**PROBLEM**
Produce a faithful copy of every record below, without the pictures.

[Items from a data source]
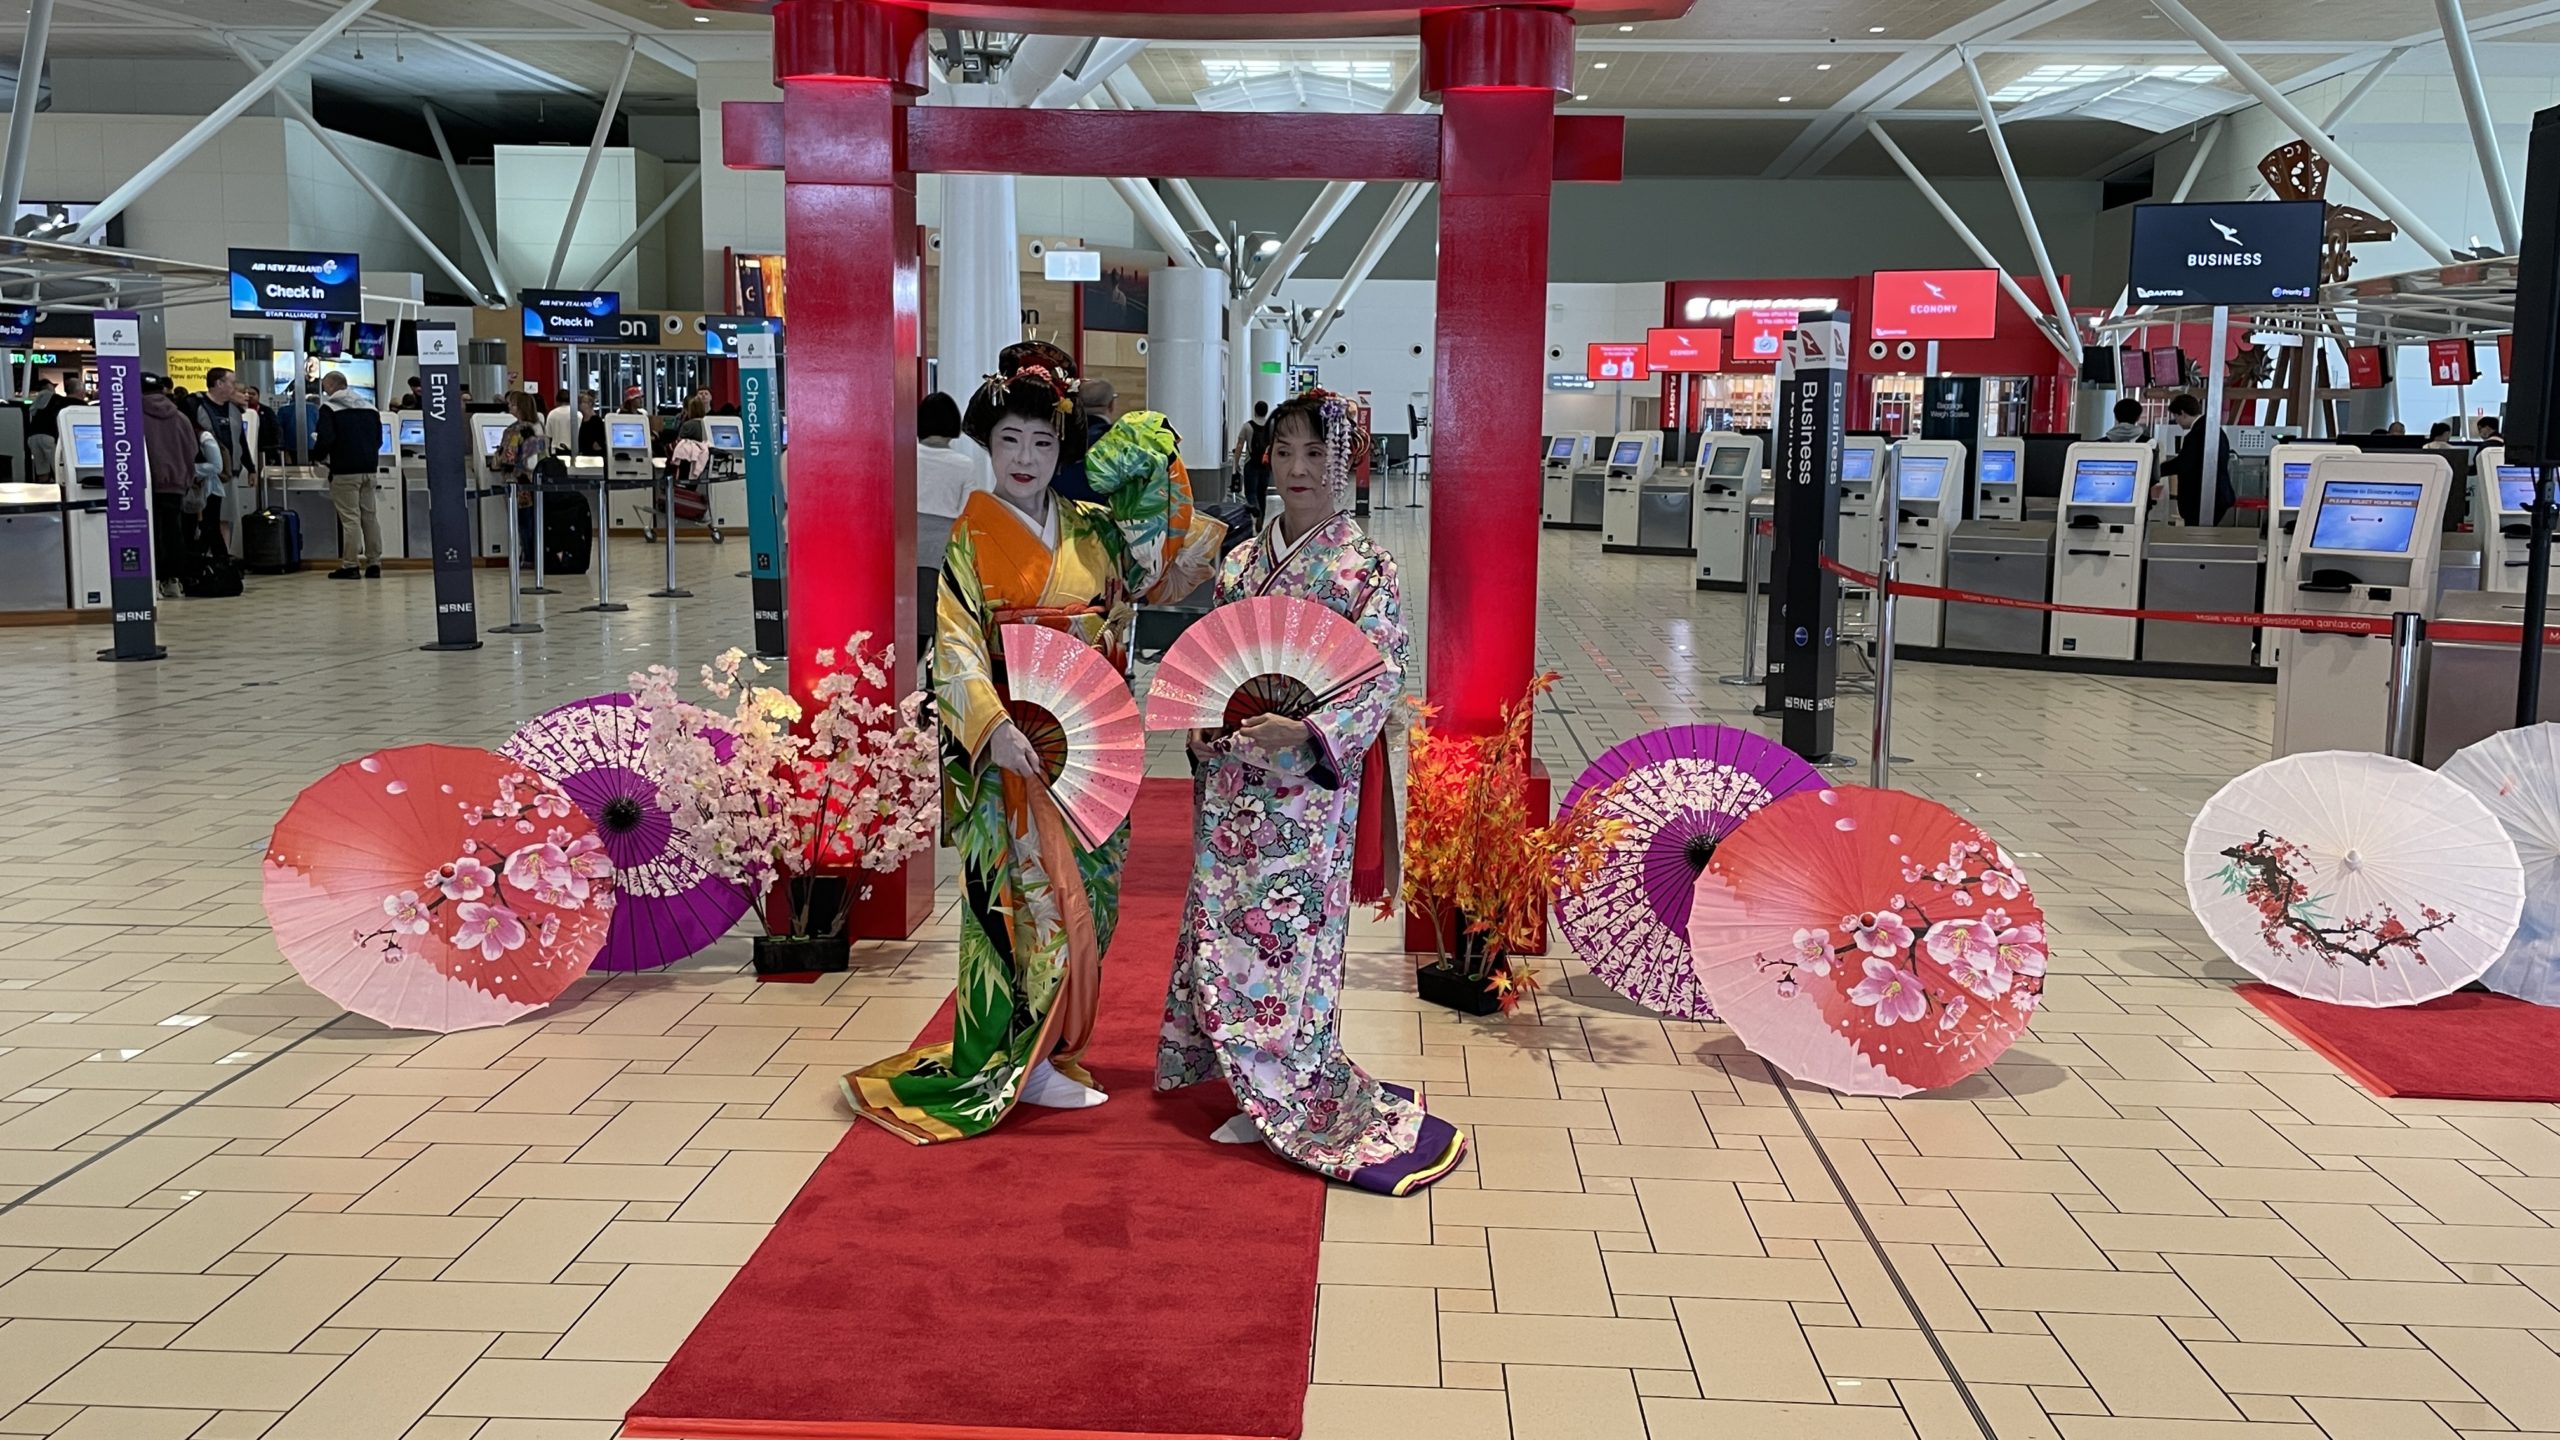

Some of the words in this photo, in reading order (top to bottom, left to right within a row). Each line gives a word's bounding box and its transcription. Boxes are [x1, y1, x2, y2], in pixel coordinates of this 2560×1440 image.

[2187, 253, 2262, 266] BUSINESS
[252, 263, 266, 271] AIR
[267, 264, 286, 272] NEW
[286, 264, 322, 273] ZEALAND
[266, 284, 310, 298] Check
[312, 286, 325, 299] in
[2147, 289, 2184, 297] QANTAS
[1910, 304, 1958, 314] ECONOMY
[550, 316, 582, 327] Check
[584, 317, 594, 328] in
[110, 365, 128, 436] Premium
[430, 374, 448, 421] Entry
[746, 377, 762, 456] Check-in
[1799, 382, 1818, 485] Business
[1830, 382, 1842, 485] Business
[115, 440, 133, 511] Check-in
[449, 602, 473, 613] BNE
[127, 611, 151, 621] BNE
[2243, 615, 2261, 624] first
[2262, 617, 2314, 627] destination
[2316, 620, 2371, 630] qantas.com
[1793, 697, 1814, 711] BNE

**FINISHED TASK**
Some of the words in this photo, in reading order (top to bottom, left to right within a row). Each line gives a word's bounding box and its transcription. Boxes are [x1, y1, x2, y2], in pixel coordinates of this 2560×1440 image.

[2187, 253, 2262, 266] BUSINESS
[252, 263, 266, 271] AIR
[267, 264, 286, 272] NEW
[286, 264, 322, 273] ZEALAND
[266, 284, 310, 298] Check
[312, 286, 325, 299] in
[2147, 289, 2184, 297] QANTAS
[1910, 304, 1958, 314] ECONOMY
[550, 316, 582, 327] Check
[584, 317, 594, 328] in
[110, 365, 128, 436] Premium
[430, 374, 448, 421] Entry
[746, 377, 762, 456] Check-in
[1799, 382, 1818, 485] Business
[1830, 382, 1842, 485] Business
[115, 440, 133, 511] Check-in
[449, 602, 473, 613] BNE
[127, 611, 151, 621] BNE
[2243, 615, 2261, 624] first
[2262, 617, 2314, 627] destination
[2316, 620, 2371, 630] qantas.com
[1793, 697, 1814, 711] BNE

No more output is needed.